Officials said the massive culling exercise in the region that reported India's first case of the global disease was likely to be completed by early Thursday.
India's first confirmed case of the H5N1 strain of avian influenza was reported Saturday from Navapur village in Nandurbar district, some 300 km from here, after tests were conducted on thousands of dead chicken.
Authorities say they have not come across any case of human avian influenza in the country.
"We had sent over 100 blood samples from the suspected people in the Nandurbar district in the last couple of days. The results are expected soon," said a health department official on telephone from Navapur.
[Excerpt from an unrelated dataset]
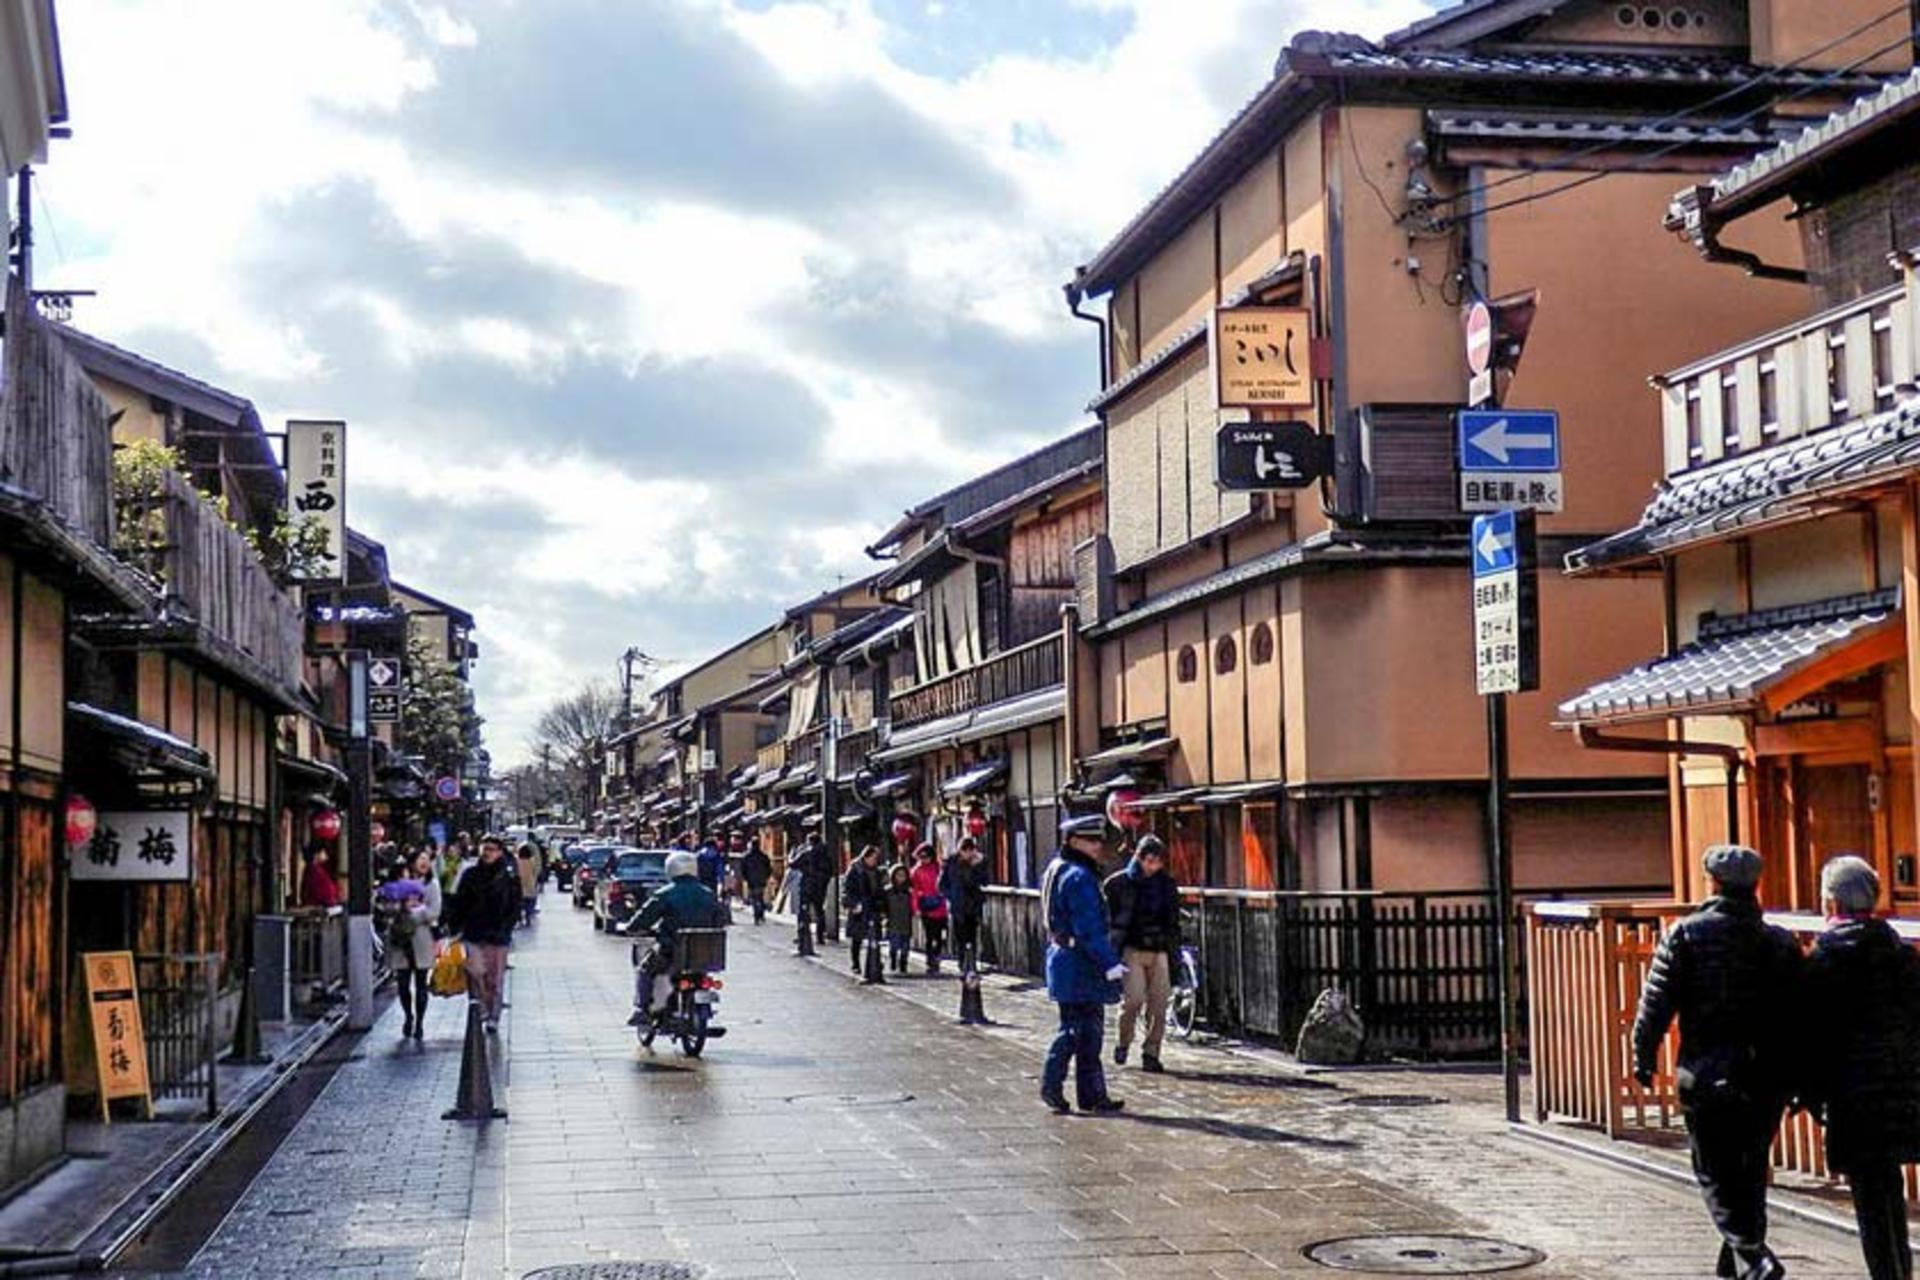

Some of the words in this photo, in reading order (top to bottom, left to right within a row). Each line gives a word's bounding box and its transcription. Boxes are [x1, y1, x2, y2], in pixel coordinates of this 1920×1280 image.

[1236, 327, 1297, 376] こいし
[321, 431, 335, 478] 京料理
[1465, 481, 1557, 503] 自転車を除く
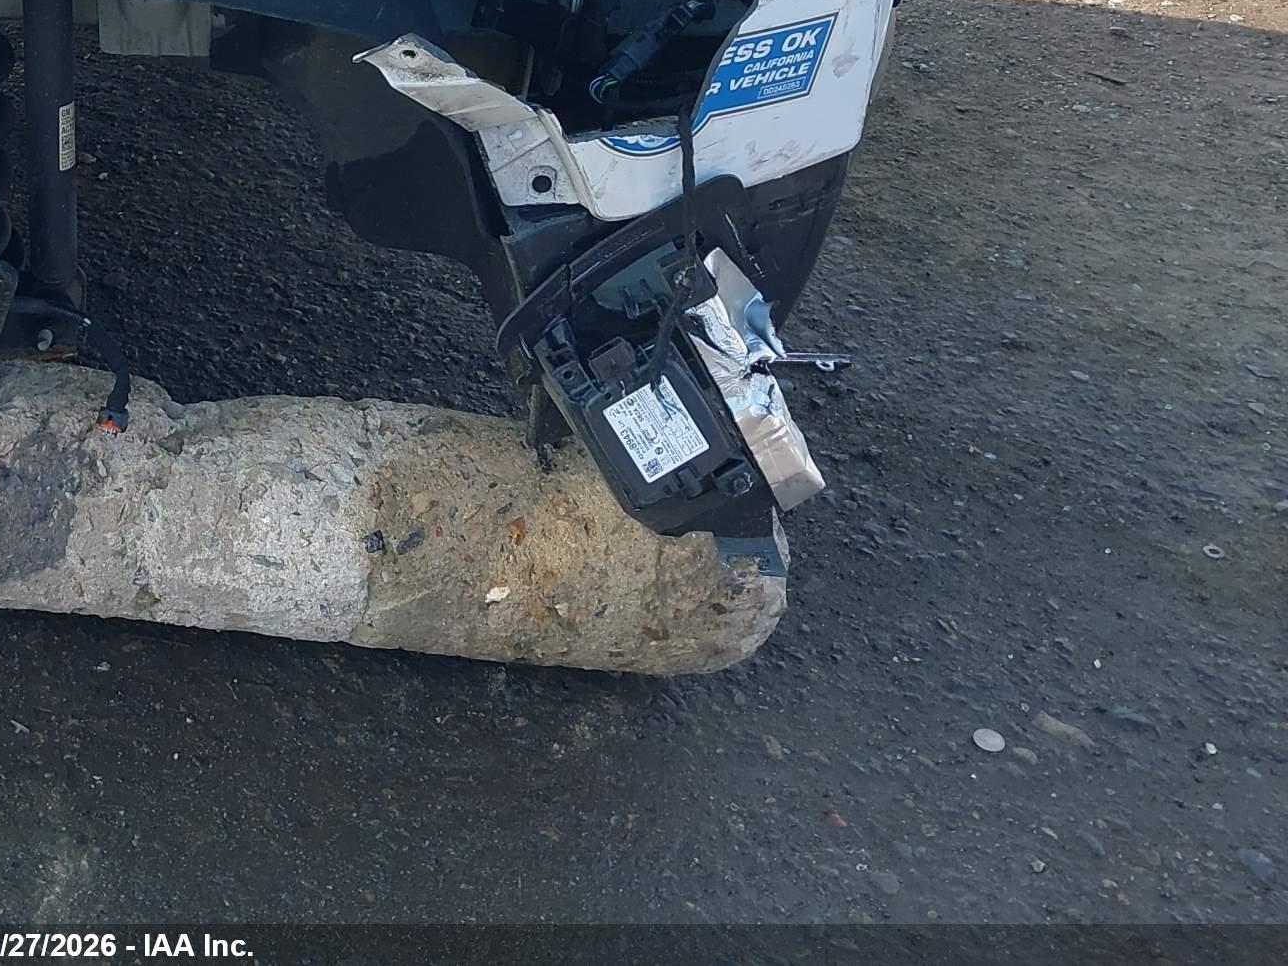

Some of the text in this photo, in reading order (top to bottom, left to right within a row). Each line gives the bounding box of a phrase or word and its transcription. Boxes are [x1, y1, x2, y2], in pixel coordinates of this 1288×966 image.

"Once we get the test results, we will decide the next course of action. As of now there is no confirmed case of human avian influenza anywhere in Maharashtra," said the official.
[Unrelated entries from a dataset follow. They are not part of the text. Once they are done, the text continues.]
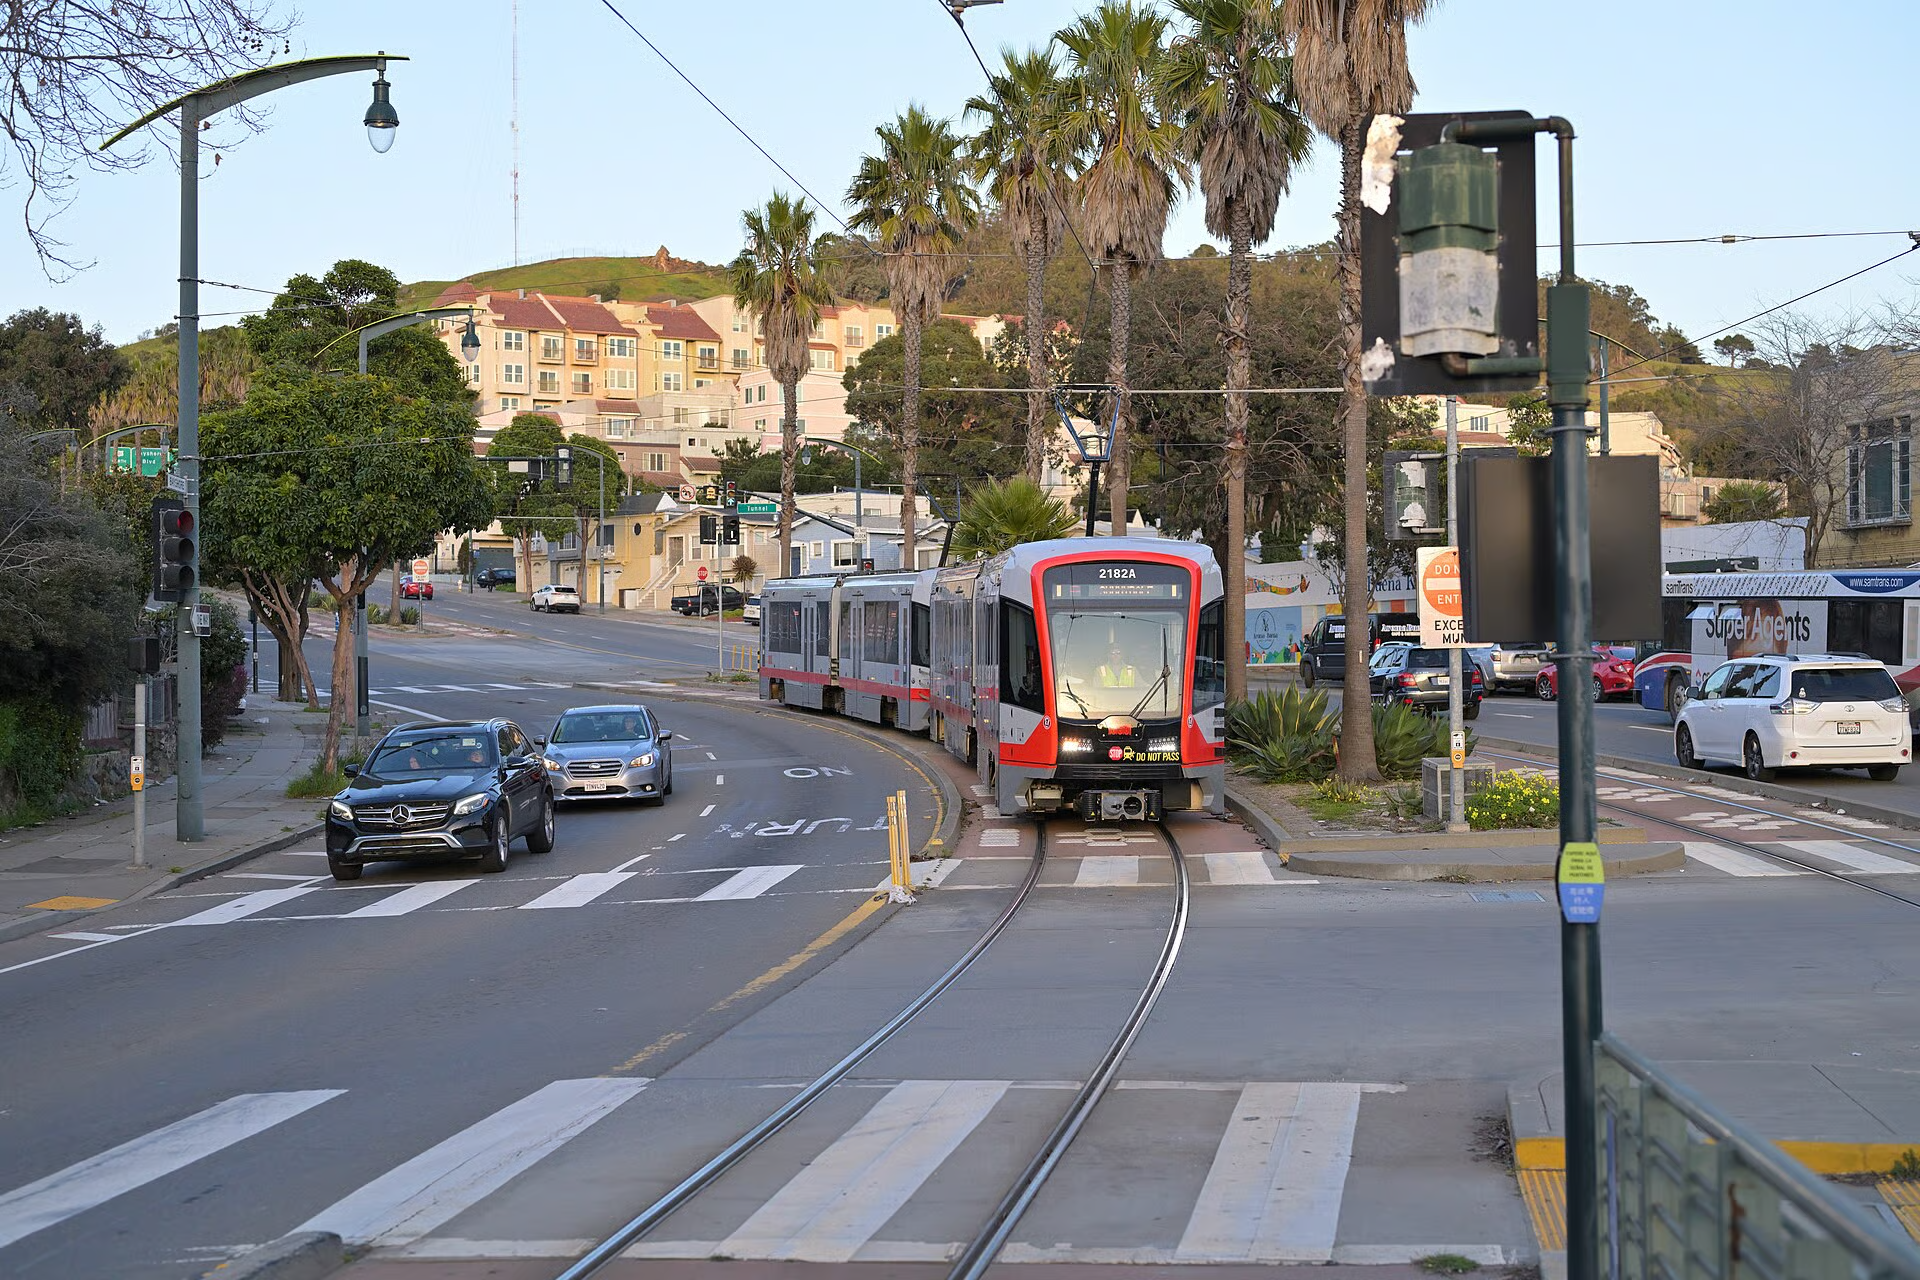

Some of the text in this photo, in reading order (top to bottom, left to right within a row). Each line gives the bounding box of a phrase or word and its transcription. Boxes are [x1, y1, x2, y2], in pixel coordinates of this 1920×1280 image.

[1098, 568, 1137, 579] 2182A
[1434, 564, 1451, 575] DO
[1665, 580, 1694, 595] samTrans
[1849, 576, 1904, 588] www.samtrans.com
[1437, 594, 1462, 605] ENT
[1434, 619, 1464, 631] EXCE
[1705, 607, 1811, 649] Super Agents
[1442, 633, 1467, 644] MUN
[1109, 750, 1123, 758] STOP
[1136, 751, 1180, 762] DO NOT PASS
The official said a total of 12 people have been kept under medical observation in Nandurbar hospitals after they reported flu-like symptoms. The door-to-door survey in the affected region had also been intensified.
The culling of birds is continuing in Nandurbar, with the authorities extending the area marked for the exercise as a "precautionary measure".
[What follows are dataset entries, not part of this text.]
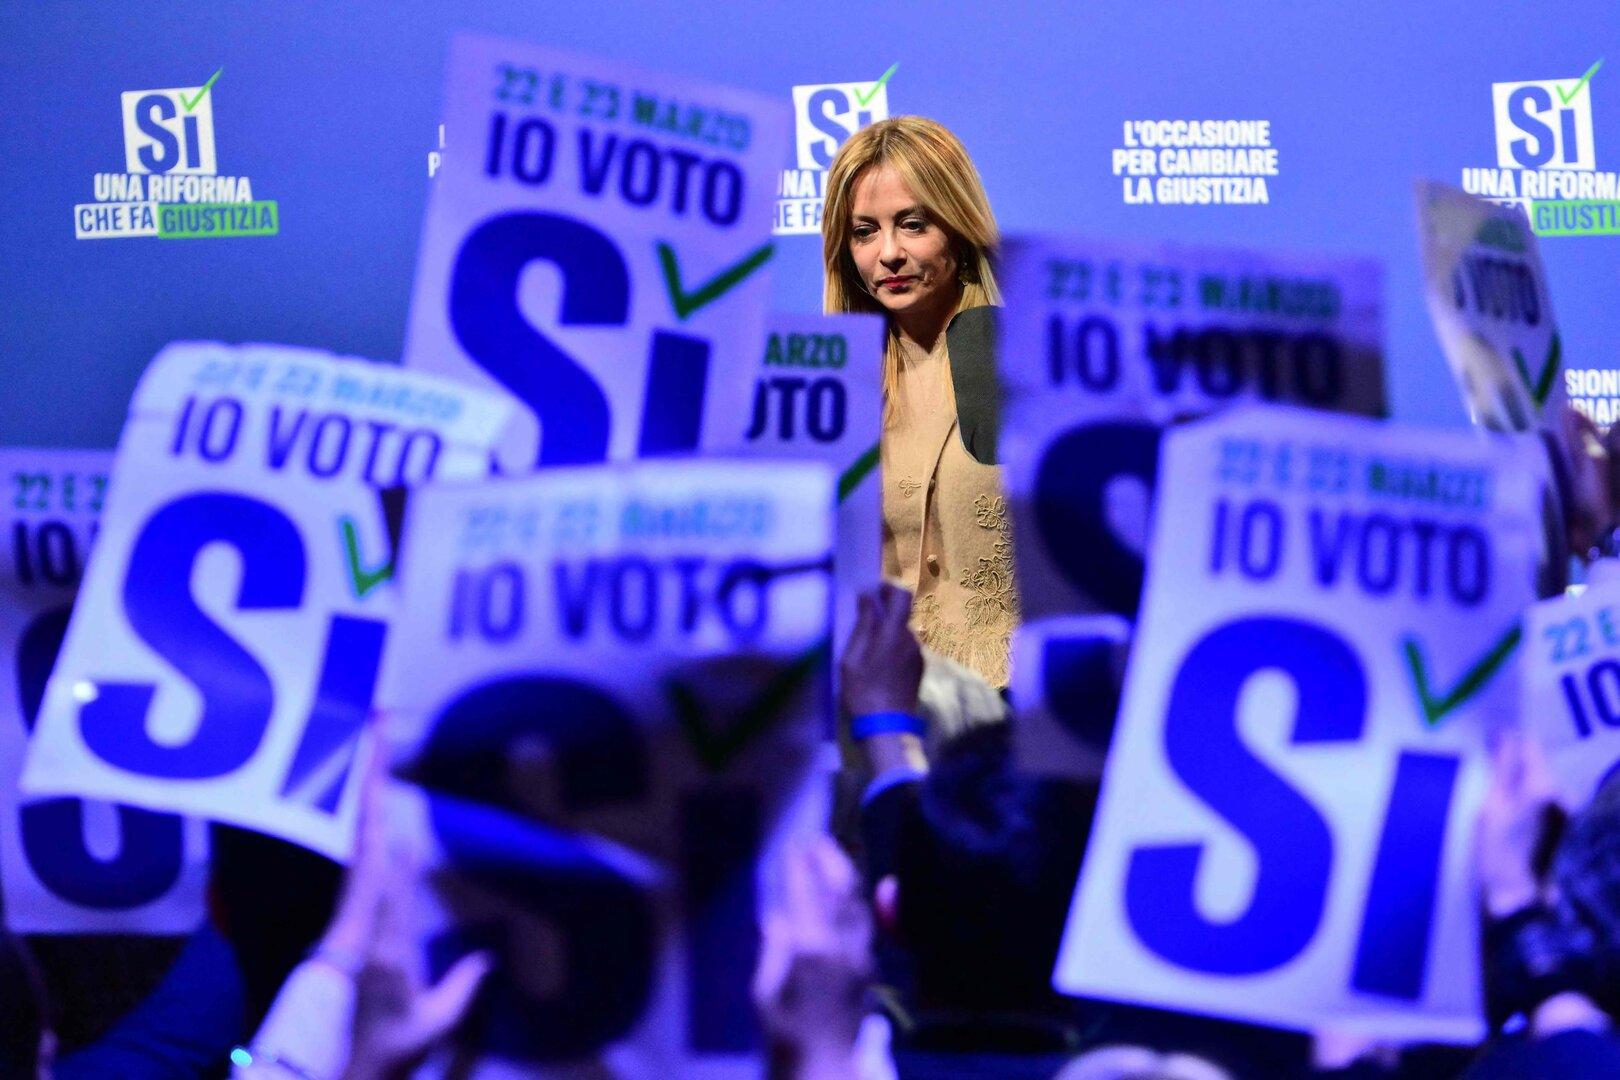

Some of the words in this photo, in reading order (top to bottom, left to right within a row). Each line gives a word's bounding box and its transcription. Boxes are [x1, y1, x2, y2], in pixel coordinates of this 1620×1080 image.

[1123, 119, 1271, 148] L'OCCASIONE
[485, 111, 556, 186] IO
[576, 126, 745, 228] VOTO
[1112, 148, 1158, 176] PER
[1158, 148, 1280, 176] CAMBIARE
[94, 172, 145, 202] UNA
[147, 174, 254, 205] RIFORMA
[776, 169, 817, 198] NA
[1122, 176, 1154, 205] LA
[1156, 176, 1270, 205] GIUSTIZIA
[1462, 167, 1517, 199] UNA
[79, 207, 124, 233] CHE
[128, 205, 155, 231] FA
[160, 204, 274, 234] GIUSTIZIA
[1535, 204, 1620, 232] GIUSTI
[763, 332, 848, 371] ARZO
[1047, 312, 1121, 395] IO
[1145, 320, 1341, 412] VOTO
[1564, 368, 1620, 397] SION
[745, 376, 848, 443] TO
[172, 394, 243, 462] IO
[266, 402, 443, 480] VOTO
[88, 472, 109, 513] 2
[14, 520, 77, 587] IO
[1208, 496, 1284, 583] IO
[1307, 505, 1491, 609] VOTO
[446, 560, 525, 645] IO
[552, 555, 769, 648] VOTO
Earlier, the government had decided to cull all birds within a radius of three kilometres of the area where the infected birds were found. The area has now been extended to 10 km.
Over 60 teams of doctors and over 100 poultry workers are carrying out mass culling operations wearing masks and other protective gear. Over 150,000 birds have been exterminated.
The government has offered farmers compensation of Rs.40 for every bird culled. Poultry farmers say this is too meagre to help them tide over their massive losses.
Known to spread to human beings, the H5N1 strain of bird flu has resulted in nearly 100 human casualties across Southeast Asia, mostly in Vietnam. It has so far been reported in seven countries.
India is the world's sixth largest producer of eggs and the fifth largest producer of broiler chicken. It produced 43 billion eggs and 1.7 billion broilers in 2005, according to industry estimates.